The Green Bond Principles are voluntary guidelines set out by the International Capital Markets Association (ICMA). First introduced in 2014, the Green Bond Principles are reviewed and updated annually. Moreover, independent auditors are often engaged to check the use of proceeds. This represents a voluntary obligation on the part of issuers, but compliance enhances transparency. In accordance with these provisions, green bonds may be labelled as such only if the funds raised go to projects in any of the following ten categories: renewable energy, energy efficiency, sustainable waste management, sustainable agriculture, conservation of biodiversity, clean transportation, sustainable water management, adaptation to climate change, recycling management products, and green buildings.
How large is the green bond investment universe?
The green bond investment segment is still young but is growing rapidly. In May 2007, the European Investment Bank (EIB) issued the Climate Awareness Bond, the world’s first climate protection bond, which was successfully repaid in 2012. Since then, the market segment has seen very dynamic growth. The initial issuers were mainly supranational organizations, but for some years now they have largely been displaced by corporates, such as Iberdrola SA or Netherlands-based TenneT Holding BV, all of which issue green bonds.

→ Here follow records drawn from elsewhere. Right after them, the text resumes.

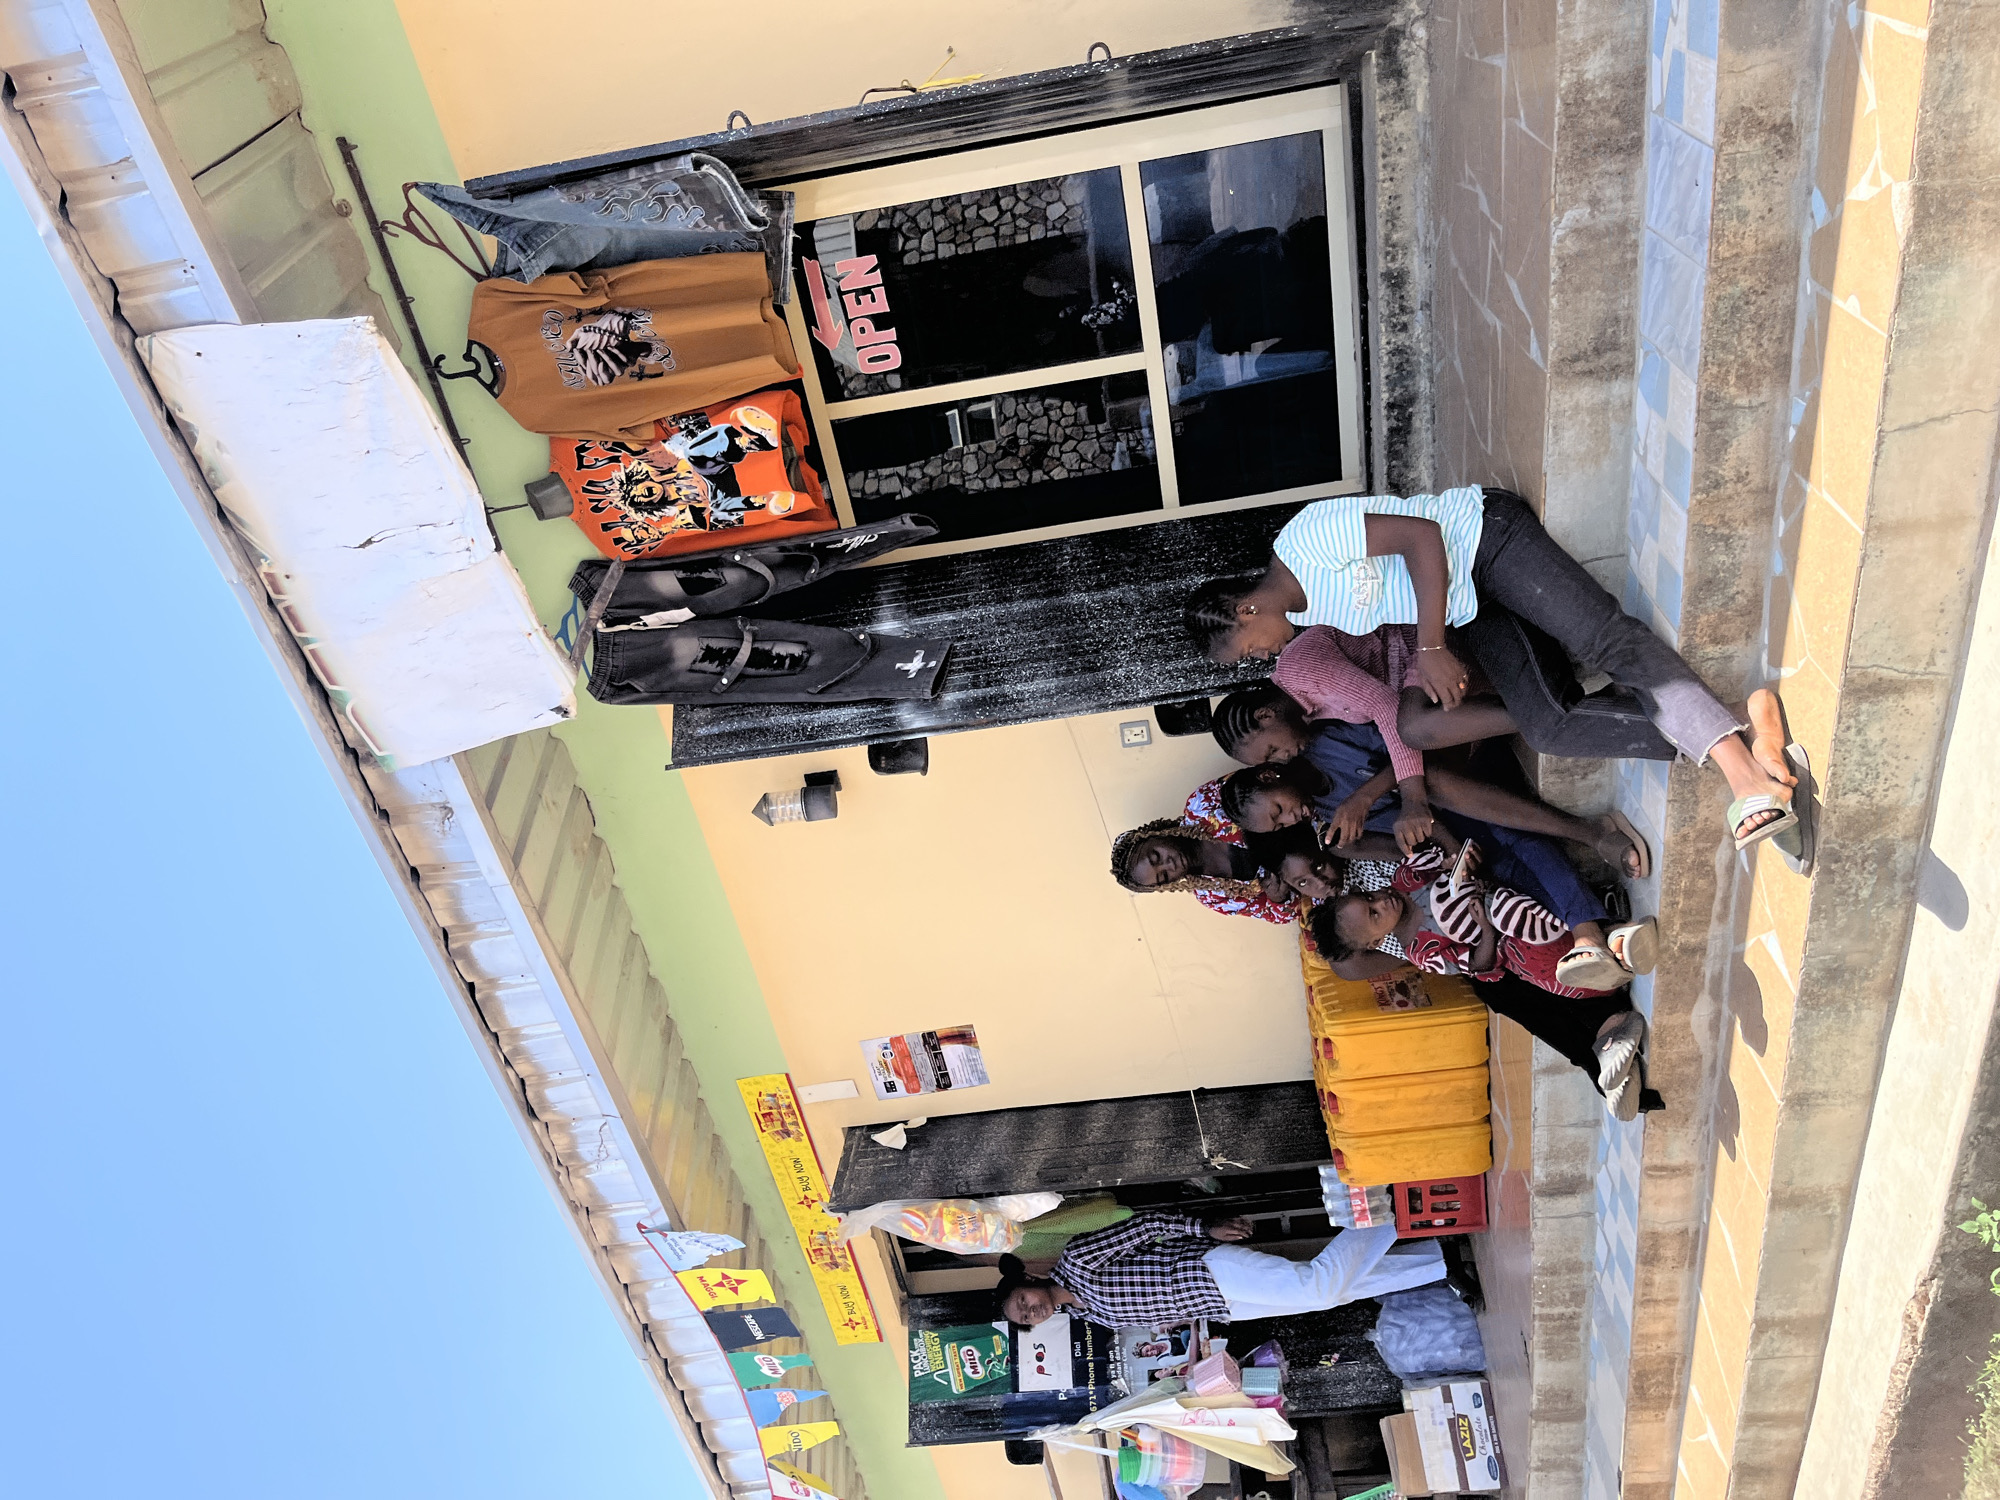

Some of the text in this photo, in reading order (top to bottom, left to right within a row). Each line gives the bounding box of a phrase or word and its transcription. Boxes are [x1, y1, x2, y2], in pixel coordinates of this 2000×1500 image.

[834, 254, 902, 374] OPEN
[790, 1157, 811, 1192] BUY NOW
[696, 1276, 718, 1298] MAGGI
[837, 1285, 856, 1315] BUY NOW
[762, 1356, 782, 1375] MILO
[910, 1348, 924, 1377] PACK
[918, 1338, 930, 1374] LUNCHBOX
[923, 1331, 936, 1372] NOURISHING
[930, 1332, 944, 1369] ENERGY
[966, 1349, 980, 1375] MILO
[1074, 1341, 1082, 1357] Dial
[1459, 1418, 1474, 1457] LAZIZ
[1475, 1416, 1488, 1456] Chocolate

More than 390 issuers currently have outstanding green bonds, with a global market volume of approximately USD 350 bn (data as of end-June 2018.)

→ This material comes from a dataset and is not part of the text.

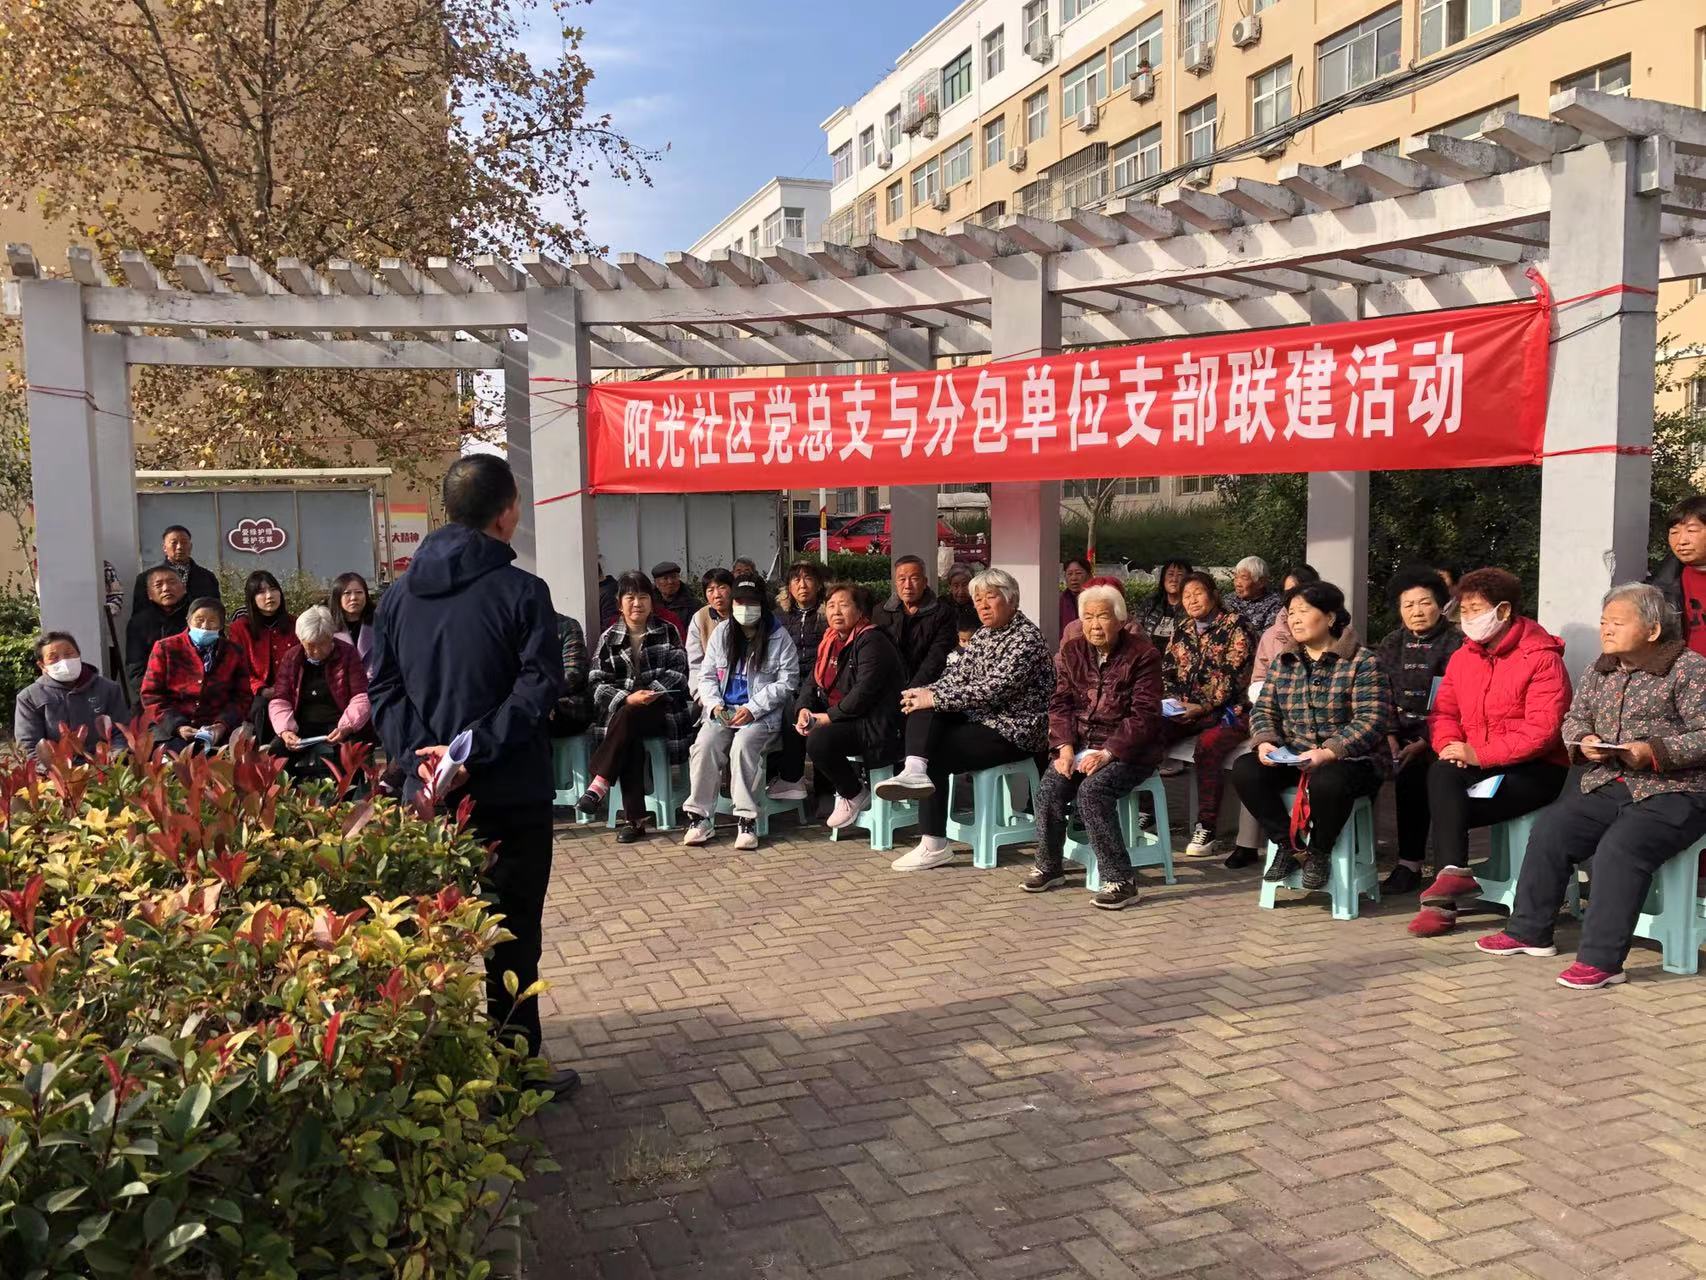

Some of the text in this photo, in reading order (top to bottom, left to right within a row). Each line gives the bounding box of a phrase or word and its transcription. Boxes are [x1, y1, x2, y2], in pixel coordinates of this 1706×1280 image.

[623, 331, 1464, 470] 阳光社区党总支与分包单位支部联建活动

Over the short and medium term, issuance activity in the green bond market looks set to remain very strong. After Poland issued the first sovereign green bond in December 2016, France followed suit with a EUR 7 bn issue in January 2017, which was later topped up repeatedly to total over EUR 14.7 bn. As a result of the Paris Climate Accord (Paris CoP 21), it is anticipated that in the near future other countries will follow the example of Poland, France and now also Belgium. More generally, the investment segment is likely to expand rapidly over the next few years given the enormous need for investment in measures to address climate change, and green bonds have established themselves as a reliable source of financing. The Luxembourg Stock Exchange, a key trading venue, in 2016 set up a separate segment for green bonds.
In terms of performance, green bonds no longer lag the overall market – to the contrary. Since the introduction in December 2013 of the main benchmark, the Bloomberg Barclays MSCI Global Green Bond Index, green bonds have outperformed the Bloomberg Barclays Global Aggregate Index by a total 2.37%.
How are individual green bonds selected?
Successful green bond strategies combine traditional selection criteria with sustainability aspects. Companies engaging in controversial business activities are excluded from the investment universe. These activities involve the usual suspects such as arms manufacturers and so-called “sin sectors” (alcohol, tobacco, gambling and pornography). The remaining investment universe is reviewed at the issuer level using various ESG criteria to identify the most sustainable companies. Last but not least, individual green bonds and/or the quality of the underlying green bond projects should be reviewed. This is to prevent “weak” environmental projects – the sole purpose of which is to give issuers a green veneer (greenwashing) – from being supported.
Green bonds represent an excellent opportunity for private investors and institutional investors alike to combine their financial interests with direct contributions to environmental and climate protection. This growing investment segment allows investors to invest in green bonds in increasingly greater scope.